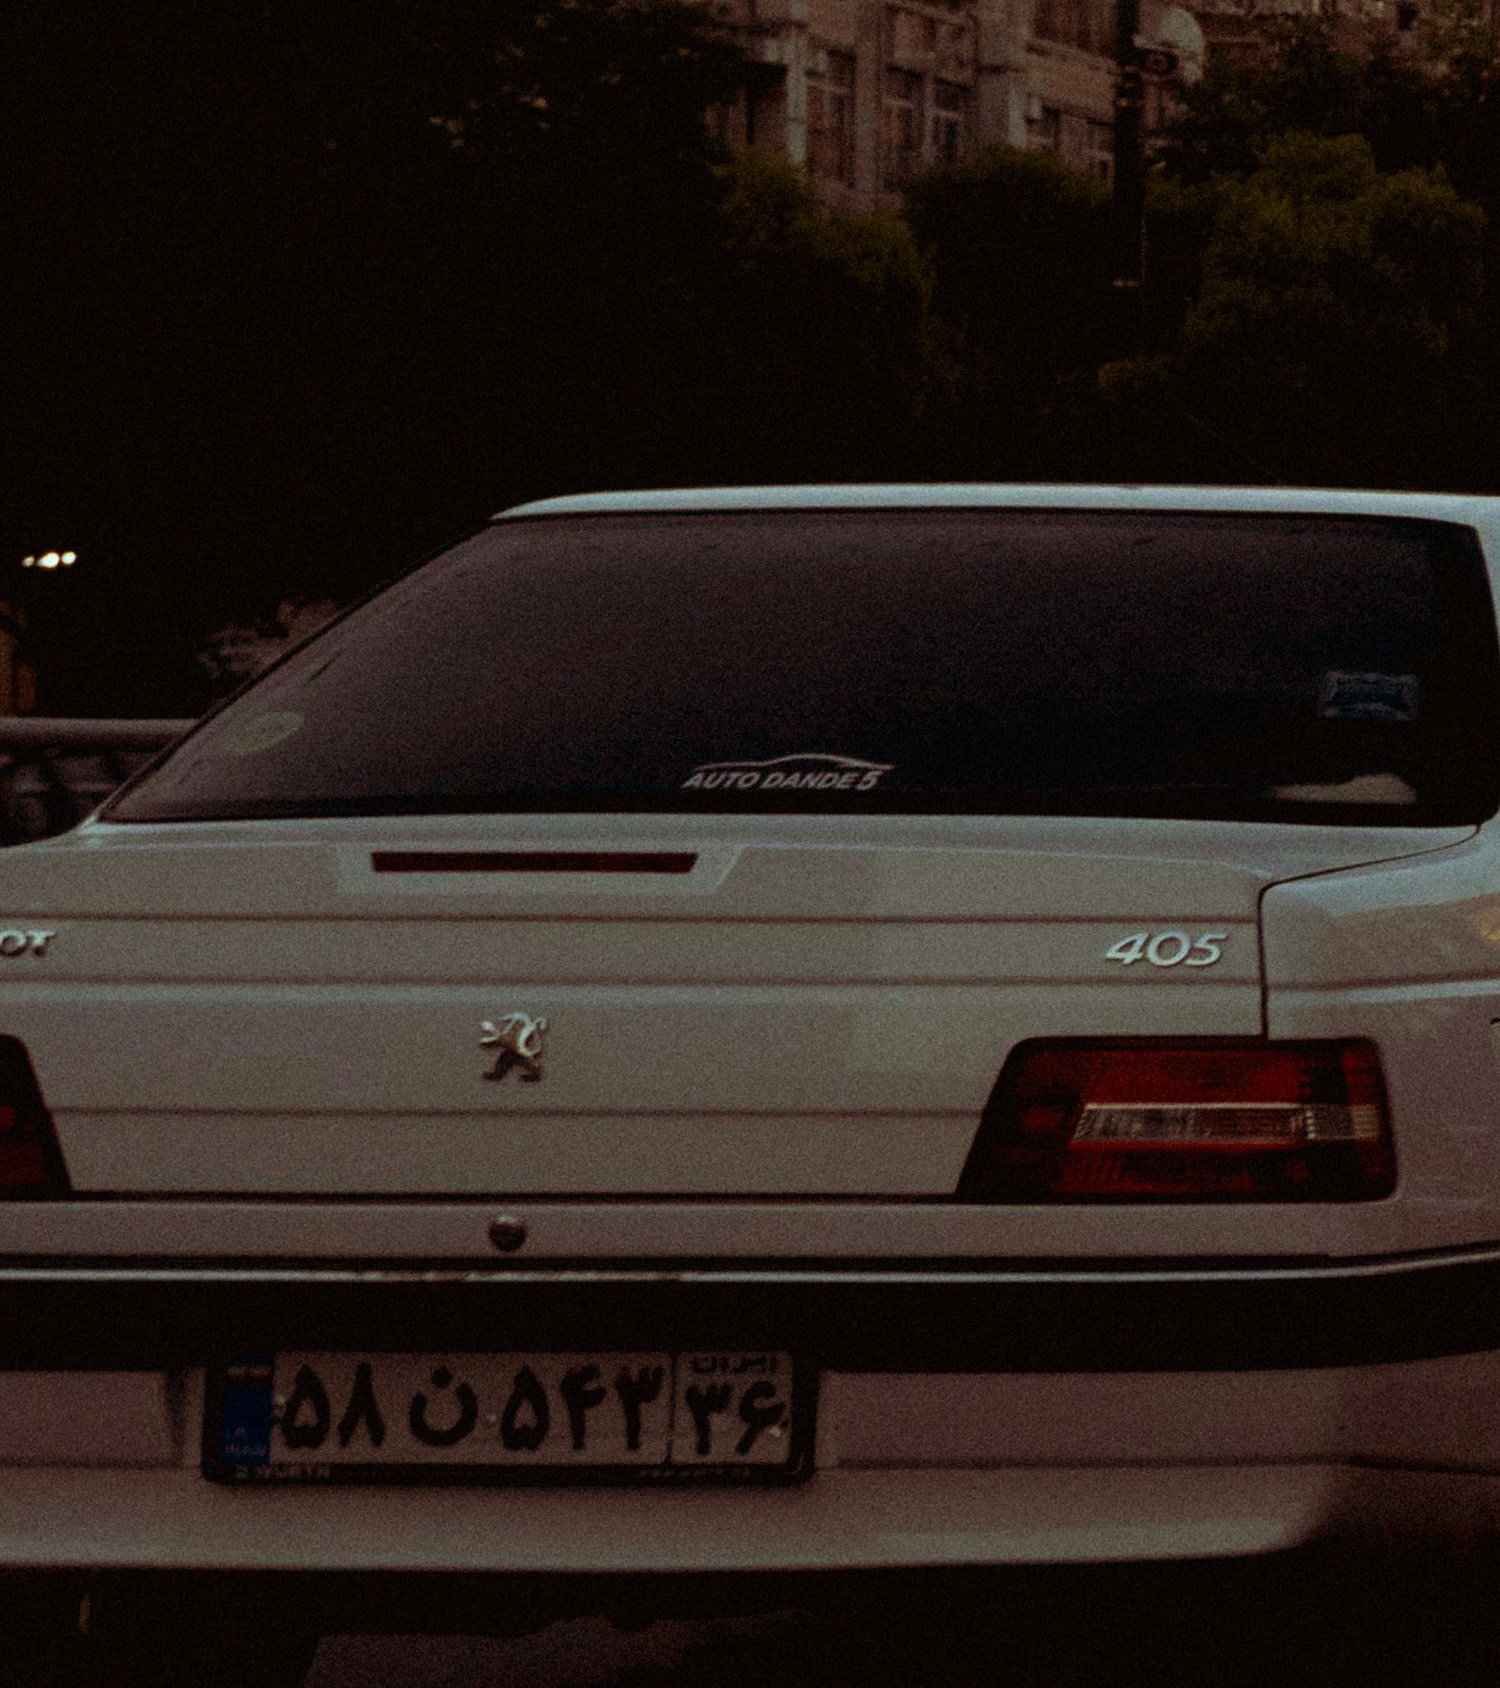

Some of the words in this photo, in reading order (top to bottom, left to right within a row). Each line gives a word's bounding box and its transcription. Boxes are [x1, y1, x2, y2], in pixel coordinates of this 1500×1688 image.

[681, 770, 761, 790] AUTO
[1105, 929, 1230, 968] 405
[280, 1363, 386, 1450] ۵۸
[408, 1365, 479, 1448] ن
[499, 1364, 666, 1452] ۵۴۳
[686, 1379, 787, 1456] ۳۶

================================

▸ **INSTRUCTIONS FOR THE TASK**
Write out every line above exactly, minus images.

▸ **ANSWER**
Some of the words in this photo, in reading order (top to bottom, left to right within a row). Each line gives a word's bounding box and its transcription. Boxes are [x1, y1, x2, y2], in pixel coordinates of this 1500×1688 image.

[681, 770, 761, 790] AUTO
[1105, 929, 1230, 968] 405
[280, 1363, 386, 1450] ۵۸
[408, 1365, 479, 1448] ن
[499, 1364, 666, 1452] ۵۴۳
[686, 1379, 787, 1456] ۳۶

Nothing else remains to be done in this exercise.